» **Directions for this task**:
Would you write out the listing verbatim and skip every picture in it?

» **Task data**:
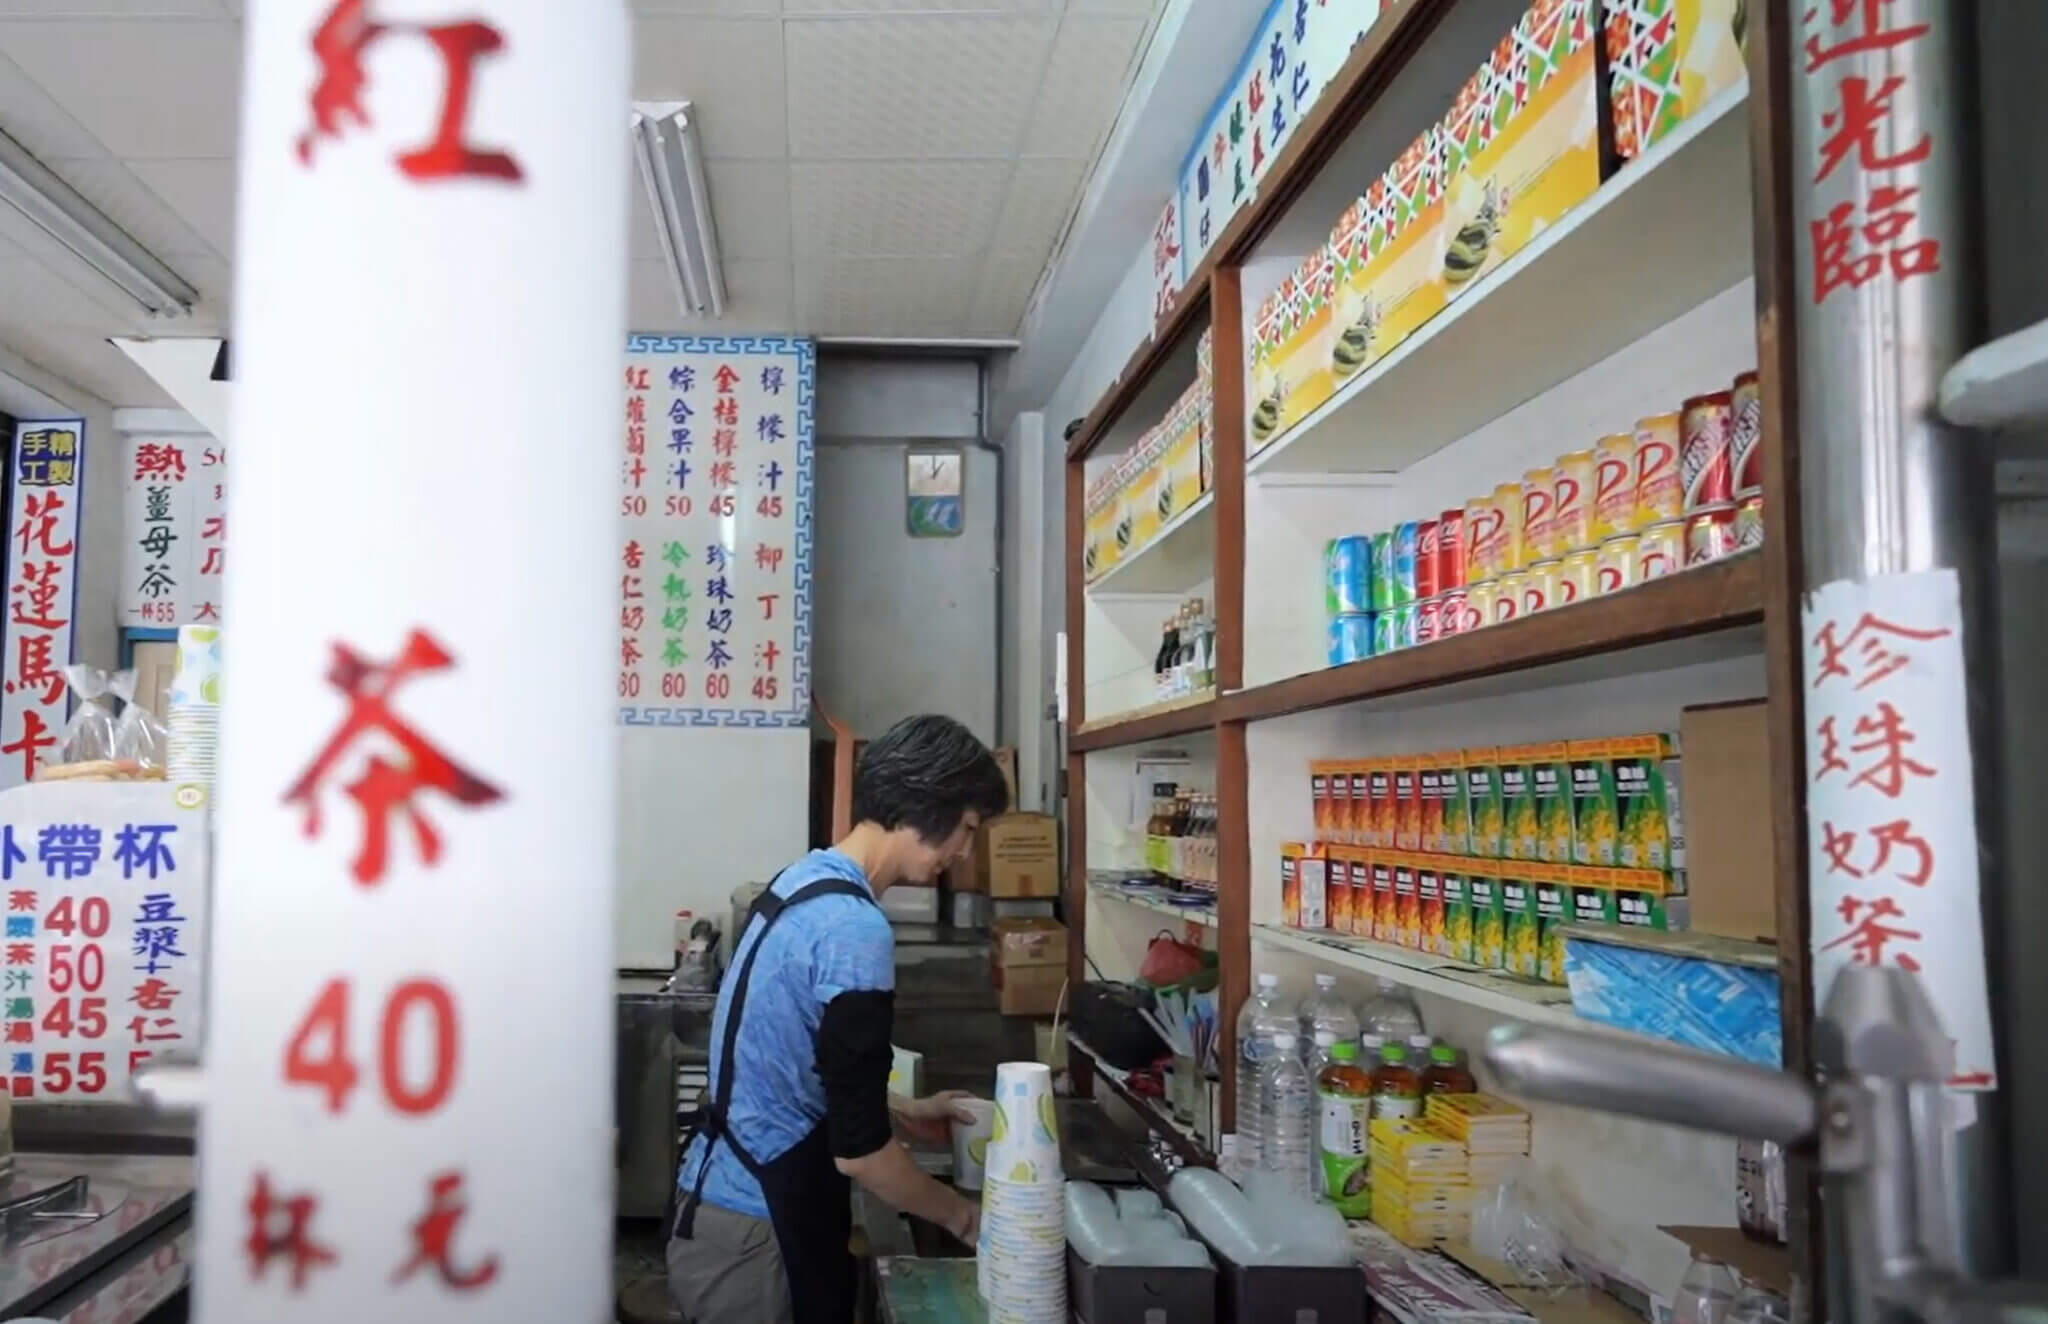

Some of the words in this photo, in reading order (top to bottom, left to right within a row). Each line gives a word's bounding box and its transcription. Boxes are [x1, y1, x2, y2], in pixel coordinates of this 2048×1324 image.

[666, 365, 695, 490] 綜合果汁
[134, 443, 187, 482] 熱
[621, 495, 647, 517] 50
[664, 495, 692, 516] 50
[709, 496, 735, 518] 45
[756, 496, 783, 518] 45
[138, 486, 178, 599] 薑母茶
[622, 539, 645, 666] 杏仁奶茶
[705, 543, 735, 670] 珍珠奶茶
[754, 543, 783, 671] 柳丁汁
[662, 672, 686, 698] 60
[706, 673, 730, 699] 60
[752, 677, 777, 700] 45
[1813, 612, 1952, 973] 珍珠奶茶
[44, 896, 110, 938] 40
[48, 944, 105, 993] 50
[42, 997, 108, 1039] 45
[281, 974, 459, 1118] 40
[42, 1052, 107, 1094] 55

» **Answer**:
Some of the words in this photo, in reading order (top to bottom, left to right within a row). Each line gives a word's bounding box and its transcription. Boxes are [x1, y1, x2, y2], in pixel coordinates of this 2048×1324 image.

[666, 365, 695, 490] 綜合果汁
[134, 443, 187, 482] 熱
[621, 495, 647, 517] 50
[664, 495, 692, 516] 50
[709, 496, 735, 518] 45
[756, 496, 783, 518] 45
[138, 486, 178, 599] 薑母茶
[622, 539, 645, 666] 杏仁奶茶
[705, 543, 735, 670] 珍珠奶茶
[754, 543, 783, 671] 柳丁汁
[662, 672, 686, 698] 60
[706, 673, 730, 699] 60
[752, 677, 777, 700] 45
[1813, 612, 1952, 973] 珍珠奶茶
[44, 896, 110, 938] 40
[48, 944, 105, 993] 50
[42, 997, 108, 1039] 45
[281, 974, 459, 1118] 40
[42, 1052, 107, 1094] 55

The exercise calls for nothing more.